On se ferait difficilement une idée de la force qu’a conservée aux Antilles même le préjugé qui interdit au blanc les industries pénibles. Il y a quelques années, on s’était imaginé aussi que le noir seul pourrait résister au service des machines sur les bateaux à vapeur anglais ; il a fallu que la plus douloureuse expérience prouvât précisément tout le contraire, c’est-à-dire que le blanc y était incomparablement plus apte que le noir. Remontez à l’origine de toutes les colonies européennes, vous aurez bientôt la conviction que le climat n’a jamais été pour rien dans le progrès ou la décadence de leur population blanche. Au XVIIe siècle, c’étaient des Normands qui suffisaient à tous les travaux dans les îles françaises. Cinquante ans plus tard, les Normands eux-mêmes s’étaient rebutés comme tous les autres ouvriers européens.

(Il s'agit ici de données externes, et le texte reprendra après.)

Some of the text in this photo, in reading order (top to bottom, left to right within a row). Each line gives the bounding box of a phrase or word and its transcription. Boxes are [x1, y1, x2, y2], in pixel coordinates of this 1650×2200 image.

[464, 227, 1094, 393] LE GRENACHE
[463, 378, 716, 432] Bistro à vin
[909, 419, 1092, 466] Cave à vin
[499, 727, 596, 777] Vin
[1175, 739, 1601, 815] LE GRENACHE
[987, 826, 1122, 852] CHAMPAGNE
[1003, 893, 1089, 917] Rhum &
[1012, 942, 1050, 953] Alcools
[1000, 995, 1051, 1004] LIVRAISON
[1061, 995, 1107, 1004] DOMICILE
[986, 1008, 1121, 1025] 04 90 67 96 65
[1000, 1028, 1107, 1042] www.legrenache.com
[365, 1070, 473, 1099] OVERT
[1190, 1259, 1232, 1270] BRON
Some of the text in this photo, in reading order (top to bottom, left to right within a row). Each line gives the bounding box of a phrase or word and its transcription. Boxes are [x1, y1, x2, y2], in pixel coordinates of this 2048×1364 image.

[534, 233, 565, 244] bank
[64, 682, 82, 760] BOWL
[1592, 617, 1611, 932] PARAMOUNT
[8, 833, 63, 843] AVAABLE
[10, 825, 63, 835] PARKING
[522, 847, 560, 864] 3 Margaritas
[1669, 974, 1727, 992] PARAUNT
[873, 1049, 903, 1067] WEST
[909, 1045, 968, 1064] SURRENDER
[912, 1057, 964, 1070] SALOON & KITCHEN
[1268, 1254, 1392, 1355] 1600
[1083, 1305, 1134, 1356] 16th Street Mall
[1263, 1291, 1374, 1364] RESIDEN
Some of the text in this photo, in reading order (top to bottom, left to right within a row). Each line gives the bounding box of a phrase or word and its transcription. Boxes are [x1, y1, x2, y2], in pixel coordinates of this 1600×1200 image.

Ce n’est point devant la fièvre ni devant les chaleurs qu’ils se retirèrent, mais devant les abus de l’administration, devant le régime intolérable qui alors pesait sur les colons, devant la concurrence de l’industrie négrière, qui assurait de si exorbitans profits, et au trafiquant qui vendait l’esclave, et au planteur qui l’achetait. Suivez l’analogie pour toutes les autres Antilles, la Jamaïque, Grenade et les Grenadines, Saint-Christophe, la Dominique, les Barbades, pour toutes les îles enfin de l’archipel atlantique. Partout vous serez contraint de reconnaître que le climat est hors de question. Partout la décadence de la race blanche tient à des causes purement politiques, à l’oppression de la métropole, aux tributs écrasans, aux prohibitions industrielles et commerciales, aux tentatives d’émancipation déjouées et sévèrement réprimées, à la piraterie, au brigandage des forbans, aux guerres civiles, aux émigrations en masse. Les révolutions de la Grande-Bretagne avaient jeté un grand nombre de familles anglaises dans les Barbades ; ce n’est point le climat, mais bien Charles II, qui, par son fameux acte de navigation, a dépeuplé ce riant archipel.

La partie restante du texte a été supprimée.